The opinion of the court was delivered by: CONSTANCE BAKER MOTLEY



 MOTLEY, District Judge.

 Plaintiff Steven A. Rovtar ("Rovtar"), a former employee of defendant Union Bank of Switzerland ("UBS"), brings this action for damages, declaratory and injunctive relief arising from his discharge. Plaintiff alleges violations of the Age Discrimination in Employment Act ("ADEA"), 29 U.S.C. § 621 et seq. and Title VII of the Civil Rights Act of 1964 ("Title VII"), 42 U.S.C. § 2000e et seq. Additionally, plaintiff seeks damages for breach of an alleged employment contract.

 After plaintiff properly exhausted his administrative remedies, he filed a complaint with this court. *fn1" Pursuant to Rule 56 of the Federal Rules of Civil Procedure, defendant has moved for summary judgment. For the reasons set forth below, this court grants defendant's motion for summary judgment on all claims.


 Mr. Rovtar, a fifty year-old white male at the time he filed his complaint in this matter, was employed by UBS from April 1984 until April 1991. Comp. P 8. *fn2" From 1984 until 1986, plaintiff was assigned to the bank's Internal Services Section, where he was responsible for building maintenance and small construction projects. In 1986, plaintiff was transferred to the Premises Section where he remained until his termination in 1991. Def.'s Exhibits, Ex. 2C. *fn3"

 UBS is a global financial institution with its corporate headquarters in Zurich, Switzerland and several foreign branches. The New York branch, established in 1974, employs approximately 1,300 individuals, the overwhelming majority of which are United States citizens. Def.'s Exhibits, Thompson Aff. P 7.

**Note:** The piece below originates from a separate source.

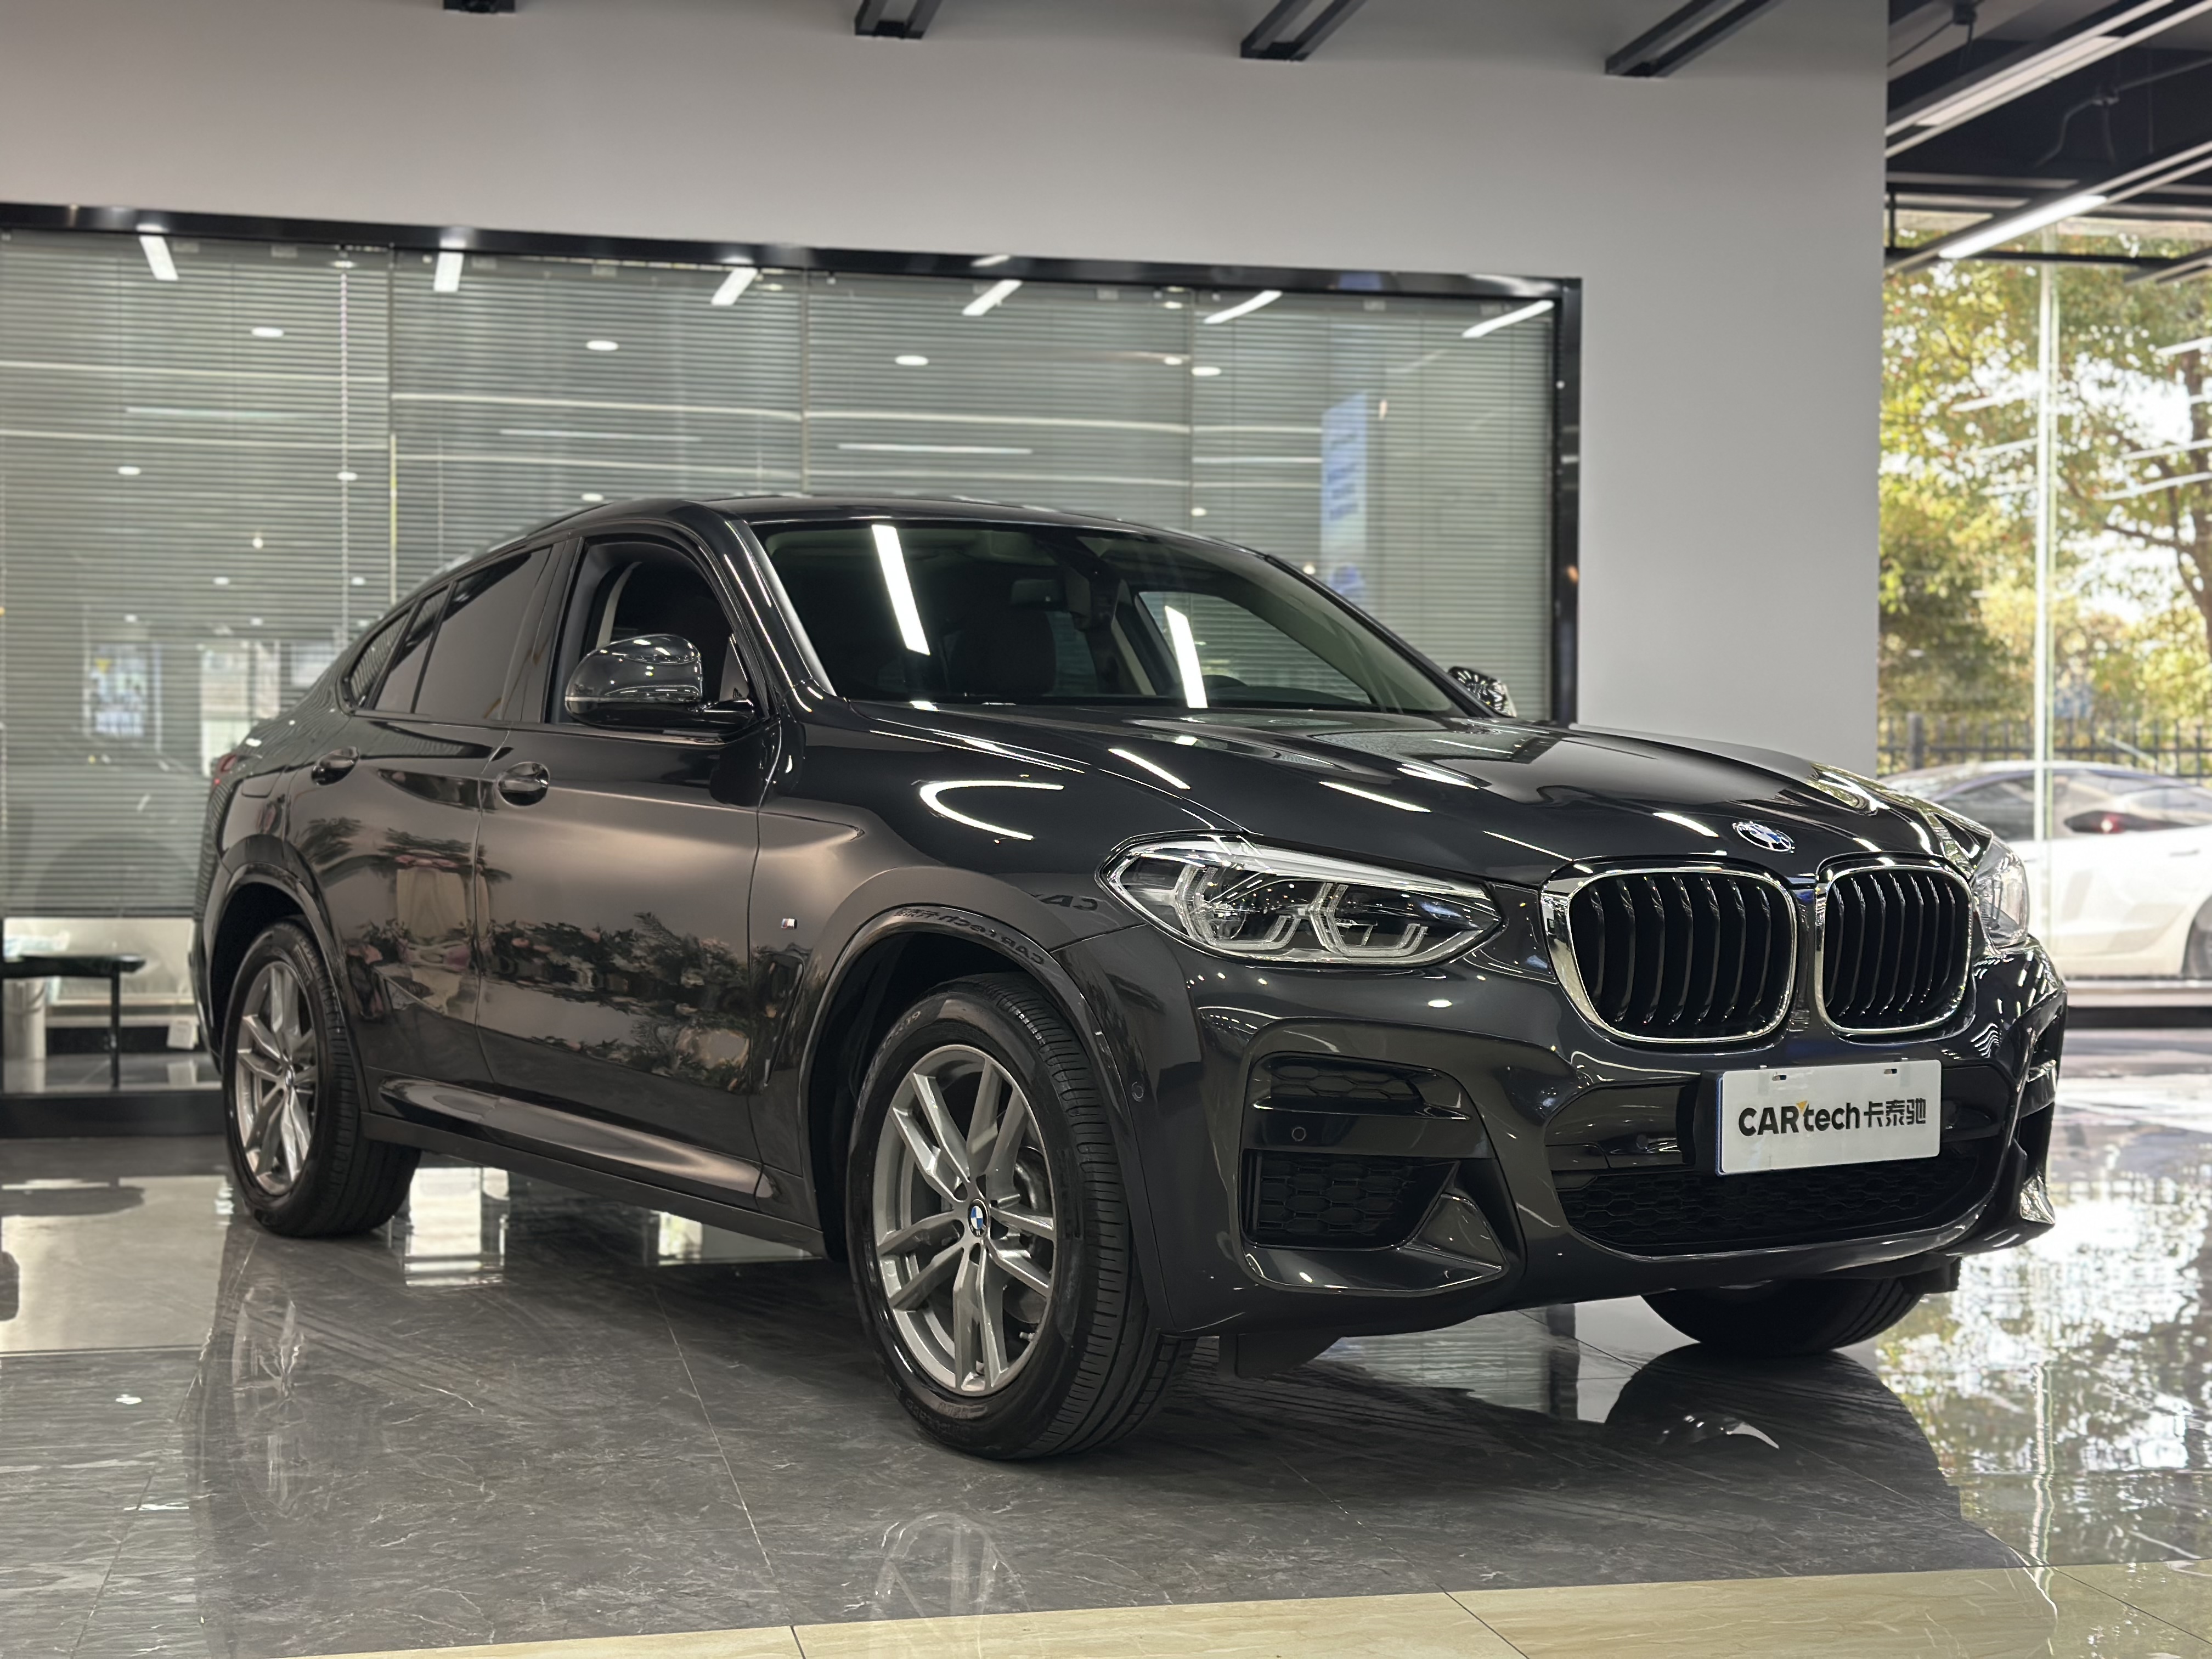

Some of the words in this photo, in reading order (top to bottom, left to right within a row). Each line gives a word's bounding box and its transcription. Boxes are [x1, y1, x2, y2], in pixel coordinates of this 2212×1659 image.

[1739, 1102, 1860, 1137] CARtech
[1864, 1098, 1926, 1127] 卡泰驰

 In addition to its United States employees, defendant also temporarily assigns expatriates or trainees from its corporate headquarters to perform services at various branches, including the New York branch. Def.'s Memo. Supp. Summ. J. at 6. Expatriates are primarily senior employees who are assigned to foreign branches for specific periods ranging from three to five years. Trainees are junior employees assigned abroad to broaden their personal experience and professional skills. These assignments generally last between twelve and eighteen months. Even though they are assigned to a foreign branch, such personnel remain employees of the Zurich bank due to the temporary nature of their assignments. Def.'s Exhibits, Thompson Aff. PP 3, 4.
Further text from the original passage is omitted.